■ Exercise: Repeat the entries that appear below, exactly as they are given.

────────

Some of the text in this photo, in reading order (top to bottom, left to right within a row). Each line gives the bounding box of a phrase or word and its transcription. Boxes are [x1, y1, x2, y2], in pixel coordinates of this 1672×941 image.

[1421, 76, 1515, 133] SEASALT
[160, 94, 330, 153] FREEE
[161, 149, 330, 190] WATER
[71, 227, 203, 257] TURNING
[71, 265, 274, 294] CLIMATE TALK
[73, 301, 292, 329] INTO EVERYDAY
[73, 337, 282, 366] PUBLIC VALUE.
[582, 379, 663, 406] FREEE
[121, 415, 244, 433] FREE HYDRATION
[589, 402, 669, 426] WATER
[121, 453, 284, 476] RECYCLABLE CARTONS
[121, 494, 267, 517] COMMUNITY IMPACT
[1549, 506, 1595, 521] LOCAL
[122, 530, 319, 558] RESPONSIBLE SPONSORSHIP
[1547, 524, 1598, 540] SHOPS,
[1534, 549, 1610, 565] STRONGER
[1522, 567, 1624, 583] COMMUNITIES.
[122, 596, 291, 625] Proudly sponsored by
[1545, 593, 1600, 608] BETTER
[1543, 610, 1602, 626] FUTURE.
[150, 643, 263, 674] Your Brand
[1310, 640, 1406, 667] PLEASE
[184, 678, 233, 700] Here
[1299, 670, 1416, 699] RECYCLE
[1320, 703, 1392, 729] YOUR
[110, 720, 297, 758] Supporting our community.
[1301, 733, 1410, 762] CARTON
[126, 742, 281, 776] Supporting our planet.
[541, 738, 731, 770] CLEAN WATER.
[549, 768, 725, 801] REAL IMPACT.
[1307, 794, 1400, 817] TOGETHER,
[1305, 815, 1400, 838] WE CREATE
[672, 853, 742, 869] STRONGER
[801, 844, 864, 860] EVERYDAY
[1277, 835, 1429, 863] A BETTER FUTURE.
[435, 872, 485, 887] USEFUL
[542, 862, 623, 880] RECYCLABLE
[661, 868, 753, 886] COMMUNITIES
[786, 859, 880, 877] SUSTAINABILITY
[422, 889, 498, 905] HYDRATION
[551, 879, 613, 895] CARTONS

────────

■ Output for this exercise:
Some of the text in this photo, in reading order (top to bottom, left to right within a row). Each line gives the bounding box of a phrase or word and its transcription. Boxes are [x1, y1, x2, y2], in pixel coordinates of this 1672×941 image.

[1421, 76, 1515, 133] SEASALT
[160, 94, 330, 153] FREEE
[161, 149, 330, 190] WATER
[71, 227, 203, 257] TURNING
[71, 265, 274, 294] CLIMATE TALK
[73, 301, 292, 329] INTO EVERYDAY
[73, 337, 282, 366] PUBLIC VALUE.
[582, 379, 663, 406] FREEE
[121, 415, 244, 433] FREE HYDRATION
[589, 402, 669, 426] WATER
[121, 453, 284, 476] RECYCLABLE CARTONS
[121, 494, 267, 517] COMMUNITY IMPACT
[1549, 506, 1595, 521] LOCAL
[122, 530, 319, 558] RESPONSIBLE SPONSORSHIP
[1547, 524, 1598, 540] SHOPS,
[1534, 549, 1610, 565] STRONGER
[1522, 567, 1624, 583] COMMUNITIES.
[122, 596, 291, 625] Proudly sponsored by
[1545, 593, 1600, 608] BETTER
[1543, 610, 1602, 626] FUTURE.
[150, 643, 263, 674] Your Brand
[1310, 640, 1406, 667] PLEASE
[184, 678, 233, 700] Here
[1299, 670, 1416, 699] RECYCLE
[1320, 703, 1392, 729] YOUR
[110, 720, 297, 758] Supporting our community.
[1301, 733, 1410, 762] CARTON
[126, 742, 281, 776] Supporting our planet.
[541, 738, 731, 770] CLEAN WATER.
[549, 768, 725, 801] REAL IMPACT.
[1307, 794, 1400, 817] TOGETHER,
[1305, 815, 1400, 838] WE CREATE
[672, 853, 742, 869] STRONGER
[801, 844, 864, 860] EVERYDAY
[1277, 835, 1429, 863] A BETTER FUTURE.
[435, 872, 485, 887] USEFUL
[542, 862, 623, 880] RECYCLABLE
[661, 868, 753, 886] COMMUNITIES
[786, 859, 880, 877] SUSTAINABILITY
[422, 889, 498, 905] HYDRATION
[551, 879, 613, 895] CARTONS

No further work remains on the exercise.